Selain itu proses perencanaan keluarga juga seringkali menimbulkan tantangan tersendiri. Contohnya, memilih metode kontrasepsi yang paling sesuai dengan Anda dan pasangan bisa dipenuhi kebimbangan dan pertimbangan. Jika keliru, bukannya terencana, keluarga Anda malah bisa dipenuhi banyak “kejutan” yang punya risiko jangka panjang.
Oleh karena itu, kali ini M&B telah membuat panduan singkat seputar family planning yang bisa Anda baca. Mulai dari manfaat hingga rekomendasi klinik perencanaan keluarga, berikut ini berbagai hal yang Anda perlu tahu soal perencanaan keluarga, Moms!

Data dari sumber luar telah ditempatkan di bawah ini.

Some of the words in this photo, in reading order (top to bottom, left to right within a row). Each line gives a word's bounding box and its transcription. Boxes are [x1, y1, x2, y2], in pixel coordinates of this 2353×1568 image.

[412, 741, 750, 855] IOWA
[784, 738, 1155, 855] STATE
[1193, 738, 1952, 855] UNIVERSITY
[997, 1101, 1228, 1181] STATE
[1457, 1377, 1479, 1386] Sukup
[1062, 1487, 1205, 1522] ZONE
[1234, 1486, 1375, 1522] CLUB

Tidak hanya itu, Ary Kirana dan Elsa Pasaka juga berbagi cerita soal pengalamannya merencanakan keluarga, lho. Lengkap banget, kan? Jadi, tunggu apa lagi? So, let’s plan our family!

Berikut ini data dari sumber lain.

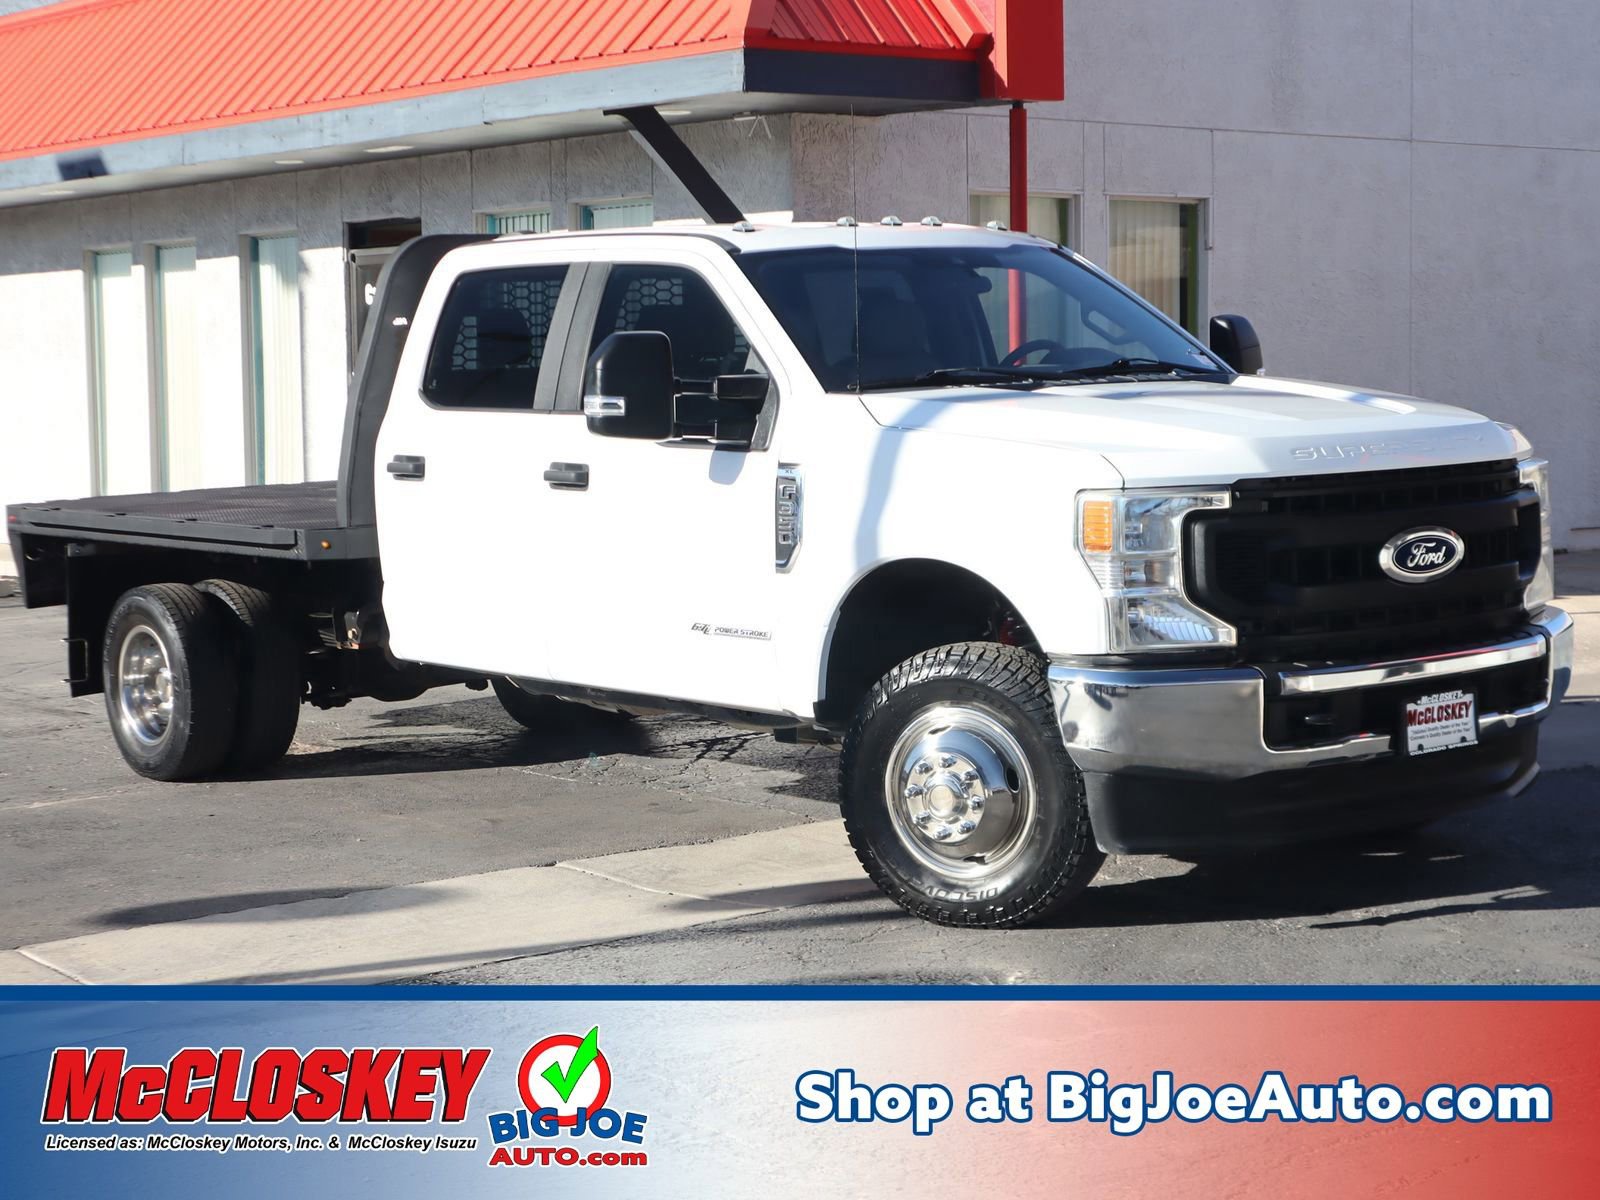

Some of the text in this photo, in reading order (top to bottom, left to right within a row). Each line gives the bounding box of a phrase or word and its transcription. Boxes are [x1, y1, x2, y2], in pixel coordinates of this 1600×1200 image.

[1407, 542, 1446, 567] Ford
[714, 626, 739, 635] POWER
[740, 628, 769, 638] STROKE

Dengan adanya program Keluarga Berencana, mungkin ada beberapa orang yang menganggap bahwa perencanaan keluarga semata-mata dibuat untuk memenuhi target pemerintah. Padahal, perencanaan keluarga punya banyak keuntungan bagi setiap anggota keluarga, lho. Mulai dari kesehatan mental hingga kondisi keuangan keluarga.

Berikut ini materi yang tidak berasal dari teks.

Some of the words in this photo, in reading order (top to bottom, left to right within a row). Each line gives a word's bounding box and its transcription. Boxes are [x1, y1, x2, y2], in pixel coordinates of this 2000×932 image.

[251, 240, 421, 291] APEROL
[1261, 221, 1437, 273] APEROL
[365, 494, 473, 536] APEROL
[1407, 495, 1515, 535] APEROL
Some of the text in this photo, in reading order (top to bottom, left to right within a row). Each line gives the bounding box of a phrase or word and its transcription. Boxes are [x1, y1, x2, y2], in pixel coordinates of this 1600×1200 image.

Centers for Disease Control and Prevention (CDC) menyebutkan bahwa perencanaan keluarga adalah salah satu pencapaian kesehatan publik terbaik di abad ke-20. Menentukan waktu berkeluarga, besarnya keluarga, dan jarak lahir antar anak punya banyak manfaat pada kesehatan pribadi, kehidupan sosial, dan kondisi perekonomian seseorang.
Masih belum yakin kalau keluarga berencana punya banyak manfaat untuk Moms? Merangkum dari berbagai sumber, berikut ini beberapa manfaat perencanaan keluarga.
Kehamilan yang tidak direncanakan berkaitan erat dengan meningkatnya risiko kematian ibu serta perilaku negatif selama hamil, seperti kontrol prenatal yang terlambat serta konsumsi minuman beralkohol dan rokok. Padahal, berbagai perilaku negatif ini sudah terbukti berdampak buruk pada perkembangan janin.
Institute of Medicine (IOM) menyebutkan bahwa kehamilan yang tidak diinginkan dapat meningkatkan risiko depresi pada ibu. Selain itu, hubungan antar orang tua dapat memburuk.
Merencanakan kehamilan juga bisa membantu menjaga kesehatan fisik ibu, terutama jika ibu terlalu muda dan tua. Pasalnya, kehamilan di bawah usia 18 tahun dan di atas usia 40 tahun berkaitan erat dengan berbagai masalah kesehatan saat hamil, seperti preeklampsia.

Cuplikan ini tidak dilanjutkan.